É bonita, mas está errada.

O quê?

A sua tatuagem. É uma frase famosa.

Eu sei. Eu gosto dela.

Só que é ‘veni, vidi, vici’ que se escreve. Vê-ih-cê-ih. Eu tenho ela num livro que meu pai me deu. Você trocou o vici pelo vincit no final. Entendeu?

Não tem nada errado nela, cara. Errado é você. Se liga.

Esse foi o primeiro diálogo que tive com a Aline, veja só. Ela já começou me dando um fora — errado é você. Foda isso, ouvir desaforo quando você só quer ajudar uma pessoa. Mas eu deixei pra lá, porque, enfim, era a Aline e ela nunca falava comigo, nunca me notava e eu ali sem jeito e sem saber como me aproximar dela. Então teve um dia que ela saiu de férias e, quando voltou, estava essa tatuagem em cima do peito, de uma clavícula a outra, veni, vidi, vincit em letra cursiva estilo skatista, uma variação marginal e alada das letras de convite de casamento. A Aline tinha dessas coisas. Outra vez ela tinha pintado o cabelo de rosa-choque e depois raspado tudo à máquina, tinha argolas no nariz, tinha a língua meio solta também e bebia cerveja em botequim, sentada de perna aberta. Eu morria de medo de chegar junto e ela me achar meio pateta, como se já não me bastasse ser albino.

Peço desculpas caso você seja albino, mas eu sou e falo de cátedra: é uma merda. Eu sei, é feio dizer que ser albino é uma merda, mas é que é uma merda e eu já cansei de ser albino.

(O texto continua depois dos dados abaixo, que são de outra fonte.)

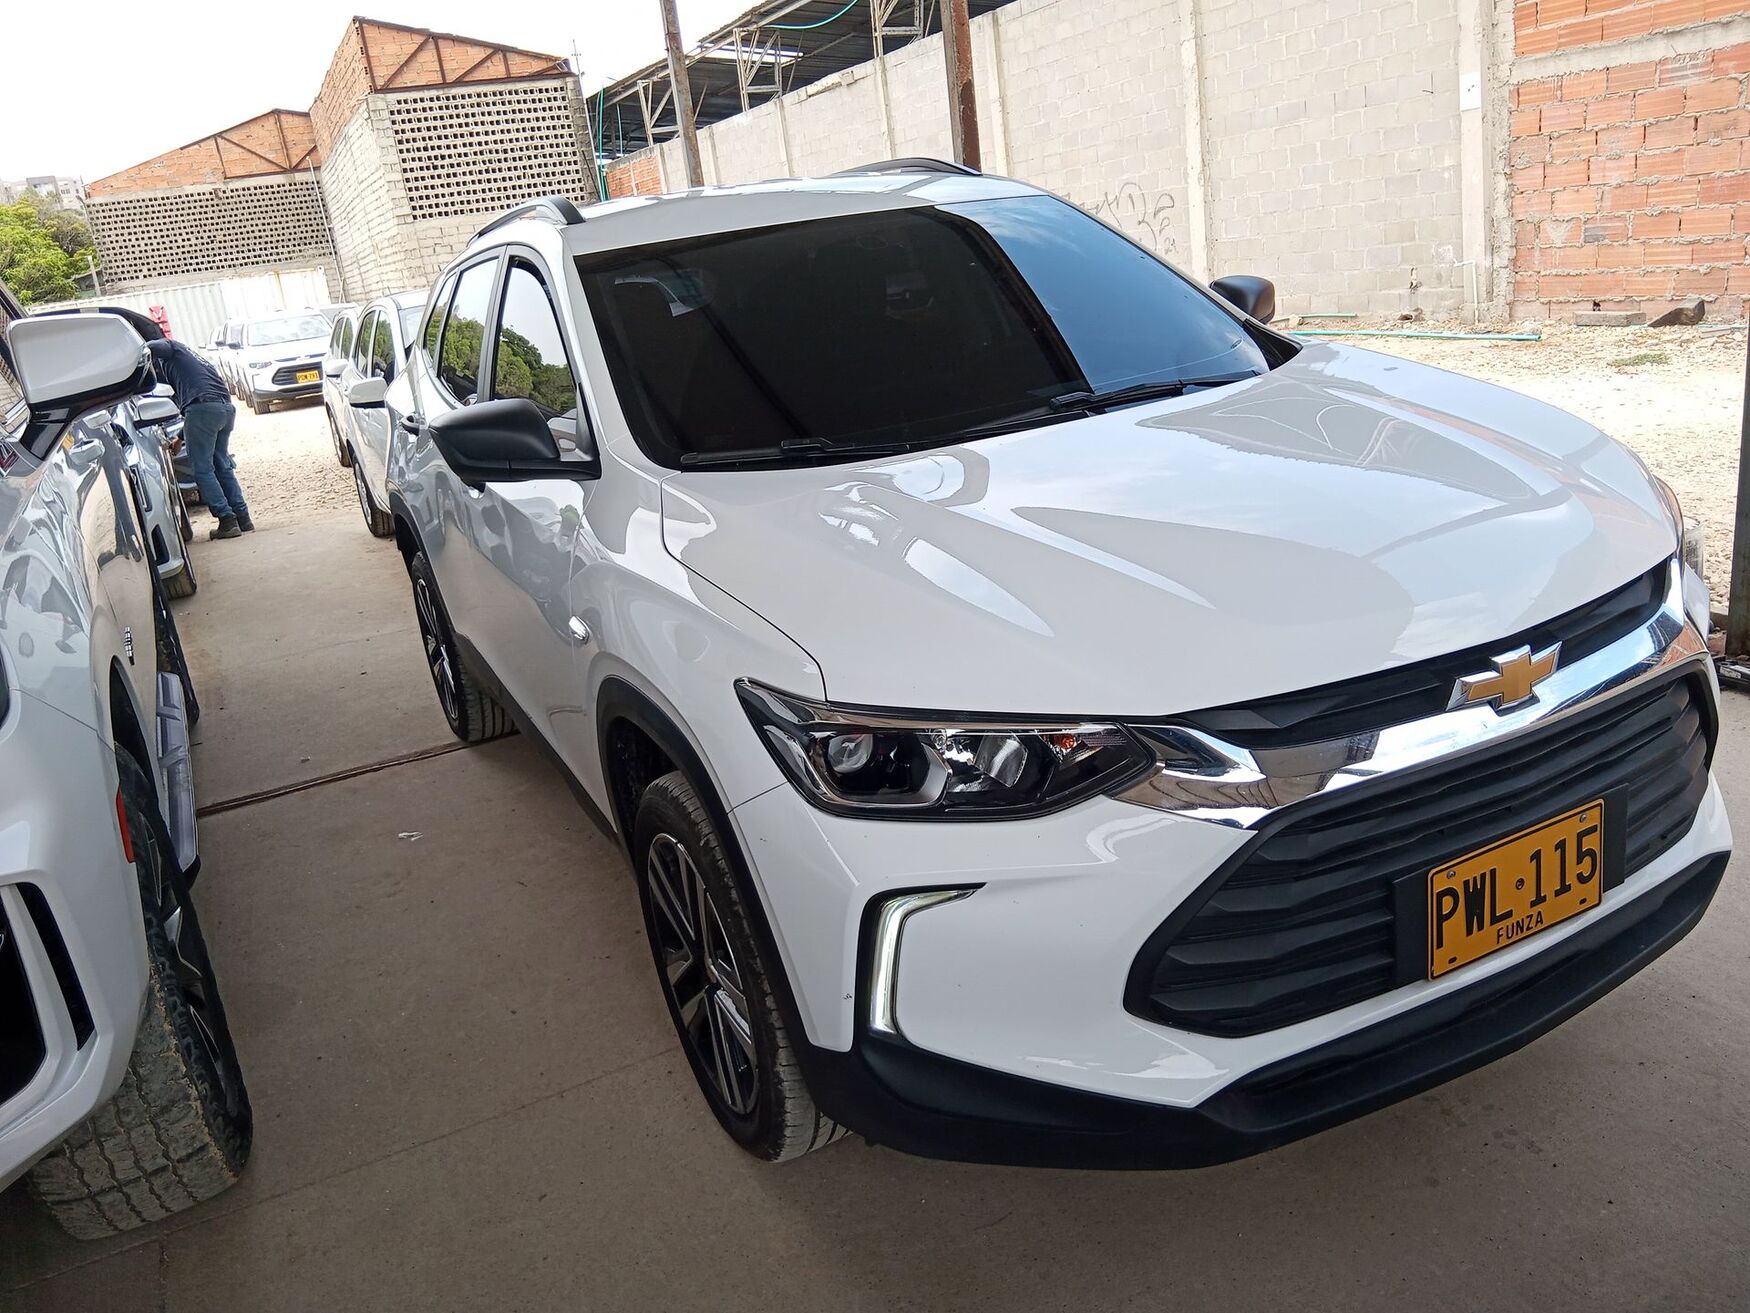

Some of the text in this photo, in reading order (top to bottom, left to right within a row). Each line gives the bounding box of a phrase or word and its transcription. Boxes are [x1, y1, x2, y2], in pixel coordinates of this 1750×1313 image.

Ora, porra. Aline, no entanto, desde que entrou no escritório e passou a dividir os seus 90m² comigo e mais outras 7 pessoas, jamais fez qualquer comentário, trocadilho, piada, nada, nadinha, a respeito da minha condição causada pela deficiência do meu organismo em produzir melanina. Dois anos de convivência e nenhuma menção, nenhum gracejo, nenhum comentário — era algo inédito.

Mesmo considerando que ela raramente se dirigia a mim quando não era para me entregar um documento ou o protocolar ‘bom dia’ quando chegávamos juntos e pegávamos o mesmo elevador para o escritório, o celular dela não tocava assim que a porta do elevador se abria, tampouco ela voltava para a rua rapidinho porque havia se lembrado de algo só para não estar perto de mim pelos cinco andares seguintes. Tinha gente que fazia isso, e fazia de novo, como se além de albino eu também fosse cego e totalmente tapado.

Aline me tratava como uma outra pessoa qualquer. Eu quase me esquecia dos meus cabelos quase brancos, dos meus olhos quase azuis, das pesadas lentes de grau que tinha que usar pra ler, do filtro de tela especial que usava no meu monitor, do cheiro de protetor solar que era, na verdade, o meu cheiro. Perto dela, eu voltava a ser apenas o Pedro; para as demais pessoas do escritório e do mundo, eu era aquele cara albino, que eles nunca se cansavam de olhar, espantados com a minha brancura, como se a cor da minha pele ofendesse a seus olhos do mesmo jeito que eles se ofendem quando alguém é preto. Eu amava Aline, calado, secretamente, morrendo de medo, mas amava Aline.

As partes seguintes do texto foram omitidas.